EXERCISE INSTRUCTIONS> Look below for the line with "this 1500×1125 image." and the line with "this 1920×1440 image.". Copy exactly those two lines and every line between, but not the pictures.
++++ GIVEN DATA ++++
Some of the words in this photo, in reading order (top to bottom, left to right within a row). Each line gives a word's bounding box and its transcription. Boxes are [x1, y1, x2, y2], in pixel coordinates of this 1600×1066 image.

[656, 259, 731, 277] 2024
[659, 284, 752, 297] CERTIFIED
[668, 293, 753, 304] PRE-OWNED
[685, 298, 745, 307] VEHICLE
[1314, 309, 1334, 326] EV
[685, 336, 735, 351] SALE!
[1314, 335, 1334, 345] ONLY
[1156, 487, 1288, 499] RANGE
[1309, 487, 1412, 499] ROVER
++++
++++ GIVEN DATA ++++
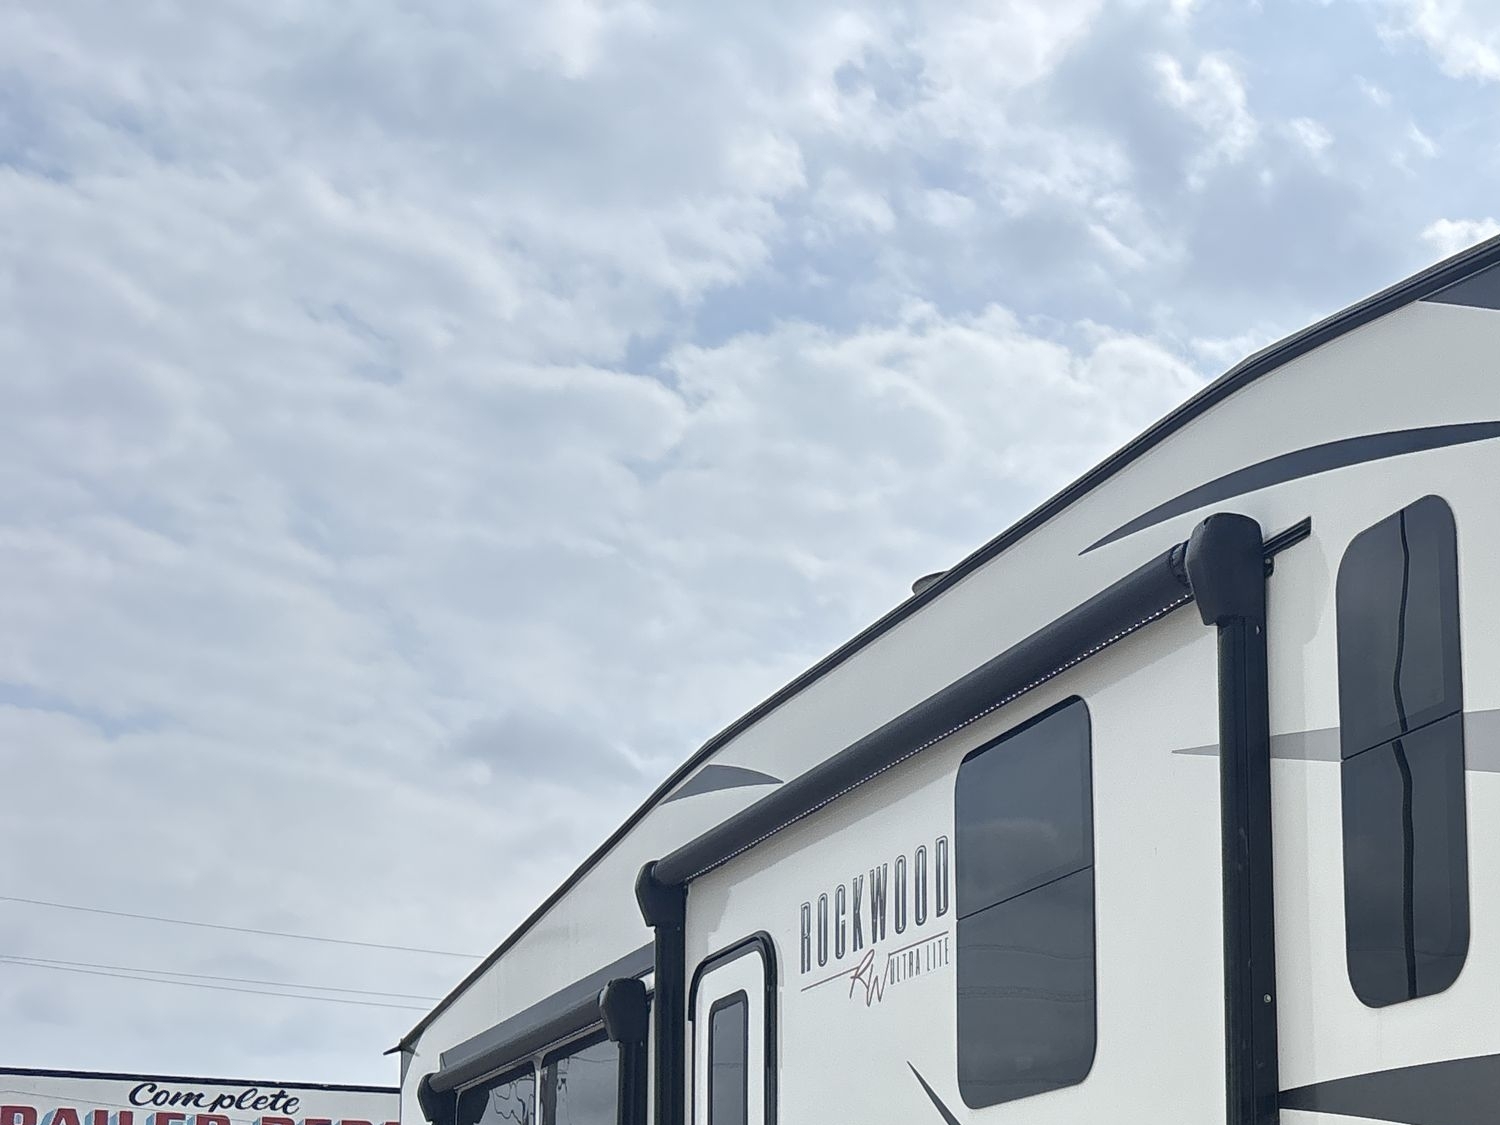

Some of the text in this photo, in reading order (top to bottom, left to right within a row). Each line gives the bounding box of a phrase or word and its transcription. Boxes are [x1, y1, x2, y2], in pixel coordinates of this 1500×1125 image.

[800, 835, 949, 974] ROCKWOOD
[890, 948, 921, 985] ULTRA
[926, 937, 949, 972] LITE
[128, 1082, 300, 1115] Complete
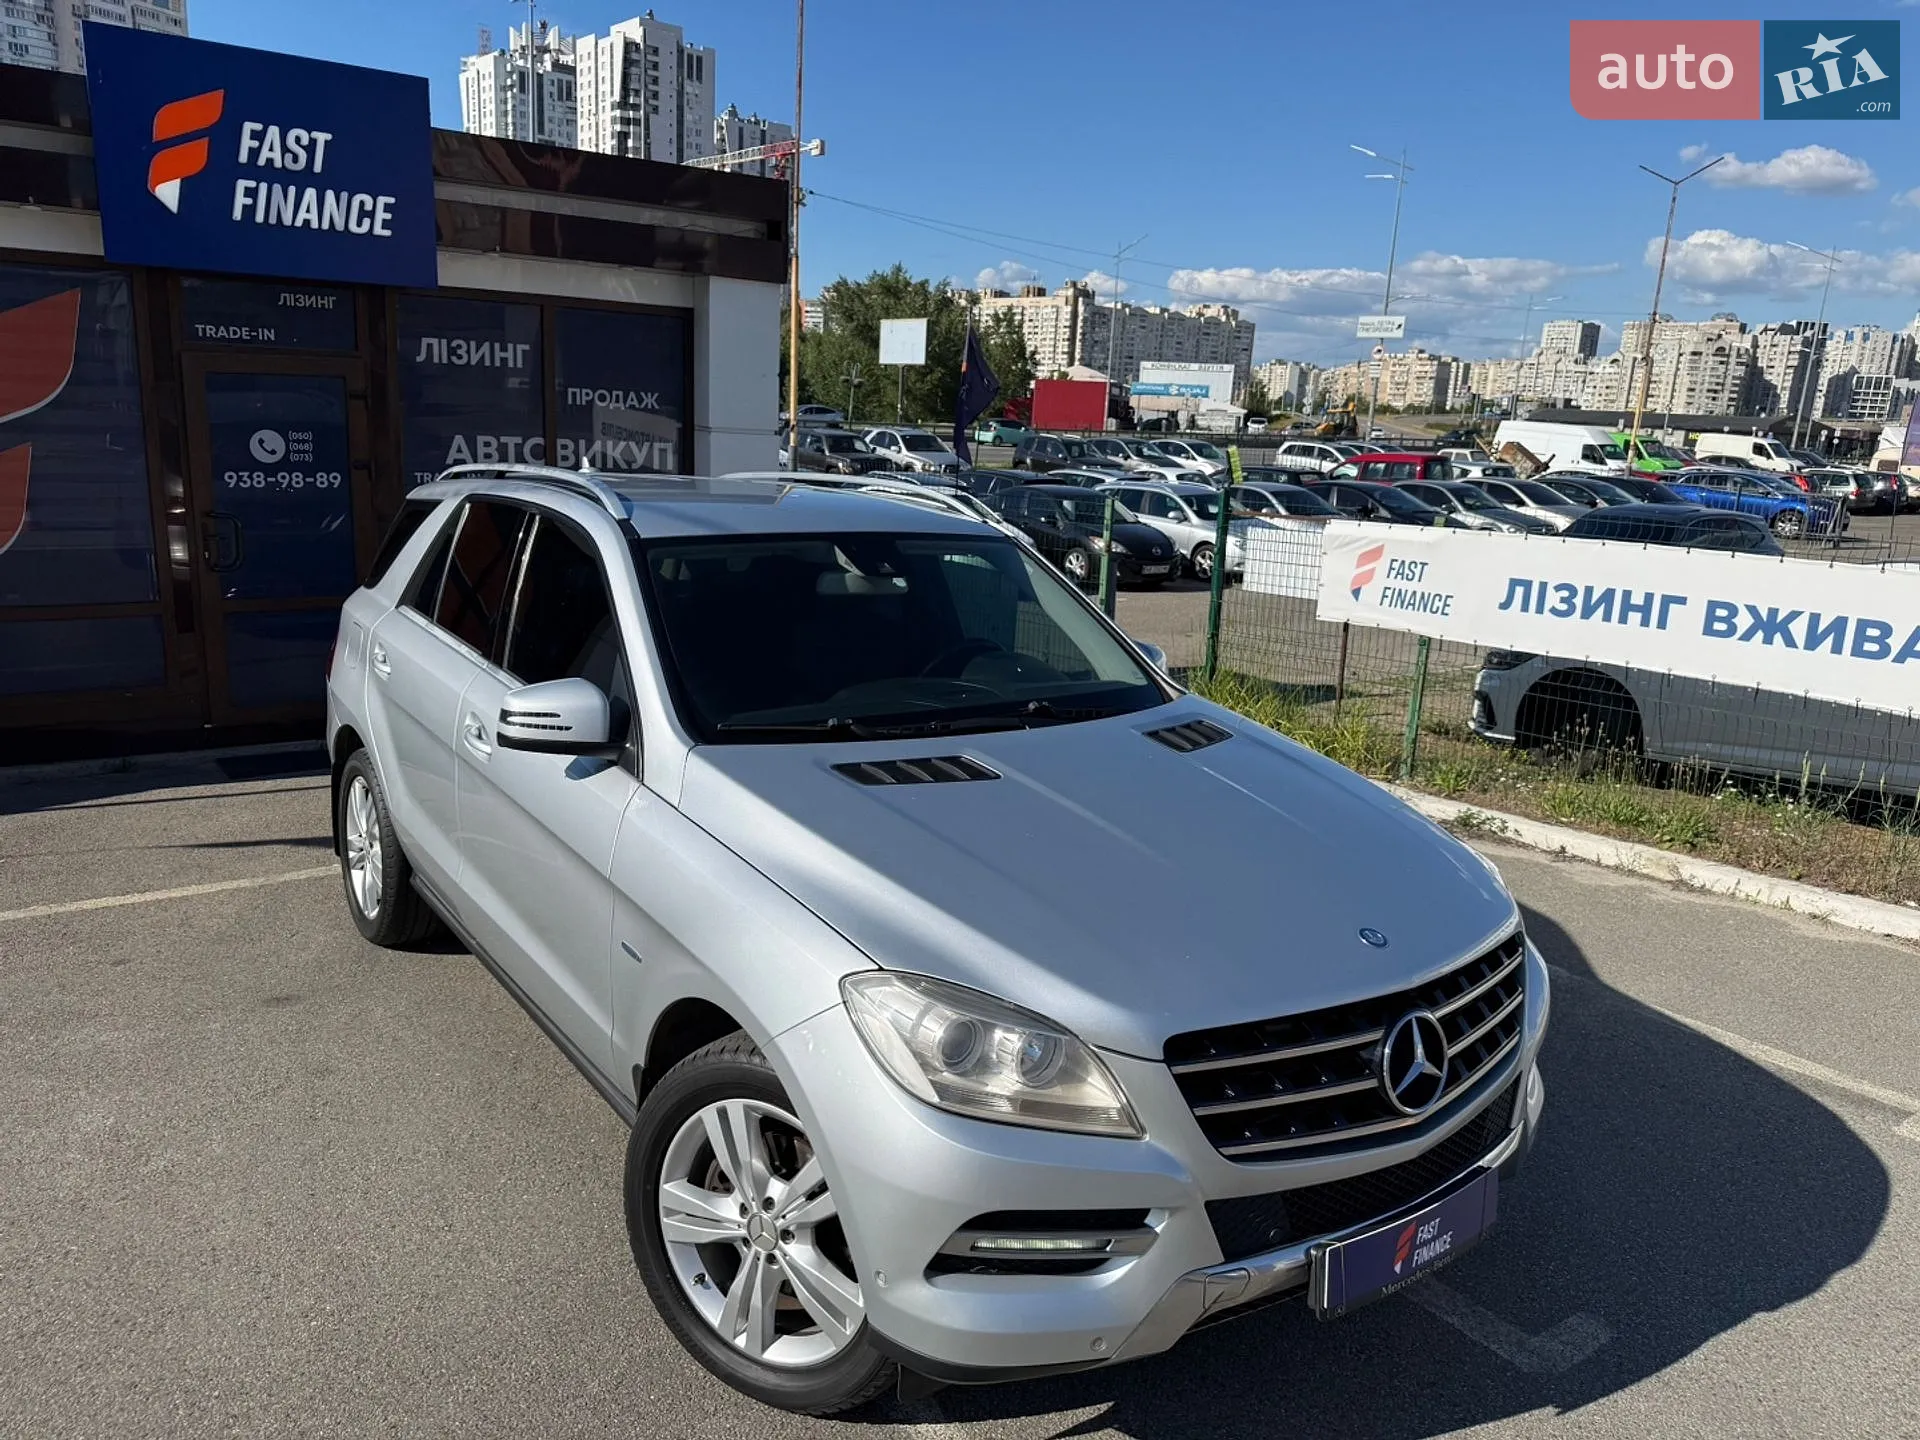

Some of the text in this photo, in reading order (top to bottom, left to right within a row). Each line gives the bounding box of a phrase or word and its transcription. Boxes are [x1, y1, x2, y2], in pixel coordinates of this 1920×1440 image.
++++
OUTPUT FOR THIS TASK>
Some of the text in this photo, in reading order (top to bottom, left to right within a row). Each line gives the bounding box of a phrase or word and its transcription. Boxes are [x1, y1, x2, y2], in pixel coordinates of this 1500×1125 image.

[800, 835, 949, 974] ROCKWOOD
[890, 948, 921, 985] ULTRA
[926, 937, 949, 972] LITE
[128, 1082, 300, 1115] Complete

Some of the text in this photo, in reading order (top to bottom, left to right within a row). Each line gives the bounding box of a phrase or word and its transcription. Boxes are [x1, y1, x2, y2], in pixel coordinates of this 1920×1440 image.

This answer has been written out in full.